» **About this task**: Word for word, set down every record that appears below.

Collected data entries

^^^^

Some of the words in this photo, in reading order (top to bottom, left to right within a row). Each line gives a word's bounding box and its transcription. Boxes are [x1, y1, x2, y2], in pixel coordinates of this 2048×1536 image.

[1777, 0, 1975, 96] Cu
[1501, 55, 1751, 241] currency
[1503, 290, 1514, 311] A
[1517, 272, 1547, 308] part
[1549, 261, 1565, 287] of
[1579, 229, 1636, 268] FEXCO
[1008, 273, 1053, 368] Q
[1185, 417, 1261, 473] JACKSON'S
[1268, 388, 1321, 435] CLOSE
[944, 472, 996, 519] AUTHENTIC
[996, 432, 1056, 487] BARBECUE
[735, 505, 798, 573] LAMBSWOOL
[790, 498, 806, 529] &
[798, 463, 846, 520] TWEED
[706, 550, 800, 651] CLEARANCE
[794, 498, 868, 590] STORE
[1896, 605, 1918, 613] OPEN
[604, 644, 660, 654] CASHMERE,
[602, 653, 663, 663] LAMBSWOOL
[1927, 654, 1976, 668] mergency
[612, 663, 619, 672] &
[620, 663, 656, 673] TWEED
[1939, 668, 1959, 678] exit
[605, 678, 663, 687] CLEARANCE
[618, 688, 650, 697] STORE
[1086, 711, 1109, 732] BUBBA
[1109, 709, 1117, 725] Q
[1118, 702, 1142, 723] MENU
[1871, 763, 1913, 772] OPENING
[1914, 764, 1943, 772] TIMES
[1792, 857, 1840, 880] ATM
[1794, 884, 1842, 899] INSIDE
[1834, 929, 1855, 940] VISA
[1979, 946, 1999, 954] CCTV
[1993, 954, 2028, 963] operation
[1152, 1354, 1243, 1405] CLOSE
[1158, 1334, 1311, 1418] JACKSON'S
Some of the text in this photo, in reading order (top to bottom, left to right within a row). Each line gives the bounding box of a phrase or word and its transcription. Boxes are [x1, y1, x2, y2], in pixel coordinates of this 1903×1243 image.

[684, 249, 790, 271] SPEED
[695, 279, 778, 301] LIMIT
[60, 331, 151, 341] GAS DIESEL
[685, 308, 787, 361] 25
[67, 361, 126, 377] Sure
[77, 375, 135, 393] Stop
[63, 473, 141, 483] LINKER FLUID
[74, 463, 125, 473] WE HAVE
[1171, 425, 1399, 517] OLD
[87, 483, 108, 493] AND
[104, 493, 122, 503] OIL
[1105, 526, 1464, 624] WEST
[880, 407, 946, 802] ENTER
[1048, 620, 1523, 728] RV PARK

^^^^

» **Solved exercise**:
Some of the words in this photo, in reading order (top to bottom, left to right within a row). Each line gives a word's bounding box and its transcription. Boxes are [x1, y1, x2, y2], in pixel coordinates of this 2048×1536 image.

[1777, 0, 1975, 96] Cu
[1501, 55, 1751, 241] currency
[1503, 290, 1514, 311] A
[1517, 272, 1547, 308] part
[1549, 261, 1565, 287] of
[1579, 229, 1636, 268] FEXCO
[1008, 273, 1053, 368] Q
[1185, 417, 1261, 473] JACKSON'S
[1268, 388, 1321, 435] CLOSE
[944, 472, 996, 519] AUTHENTIC
[996, 432, 1056, 487] BARBECUE
[735, 505, 798, 573] LAMBSWOOL
[790, 498, 806, 529] &
[798, 463, 846, 520] TWEED
[706, 550, 800, 651] CLEARANCE
[794, 498, 868, 590] STORE
[1896, 605, 1918, 613] OPEN
[604, 644, 660, 654] CASHMERE,
[602, 653, 663, 663] LAMBSWOOL
[1927, 654, 1976, 668] mergency
[612, 663, 619, 672] &
[620, 663, 656, 673] TWEED
[1939, 668, 1959, 678] exit
[605, 678, 663, 687] CLEARANCE
[618, 688, 650, 697] STORE
[1086, 711, 1109, 732] BUBBA
[1109, 709, 1117, 725] Q
[1118, 702, 1142, 723] MENU
[1871, 763, 1913, 772] OPENING
[1914, 764, 1943, 772] TIMES
[1792, 857, 1840, 880] ATM
[1794, 884, 1842, 899] INSIDE
[1834, 929, 1855, 940] VISA
[1979, 946, 1999, 954] CCTV
[1993, 954, 2028, 963] operation
[1152, 1354, 1243, 1405] CLOSE
[1158, 1334, 1311, 1418] JACKSON'S
Some of the text in this photo, in reading order (top to bottom, left to right within a row). Each line gives the bounding box of a phrase or word and its transcription. Boxes are [x1, y1, x2, y2], in pixel coordinates of this 1903×1243 image.

[684, 249, 790, 271] SPEED
[695, 279, 778, 301] LIMIT
[60, 331, 151, 341] GAS DIESEL
[685, 308, 787, 361] 25
[67, 361, 126, 377] Sure
[77, 375, 135, 393] Stop
[63, 473, 141, 483] LINKER FLUID
[74, 463, 125, 473] WE HAVE
[1171, 425, 1399, 517] OLD
[87, 483, 108, 493] AND
[104, 493, 122, 503] OIL
[1105, 526, 1464, 624] WEST
[880, 407, 946, 802] ENTER
[1048, 620, 1523, 728] RV PARK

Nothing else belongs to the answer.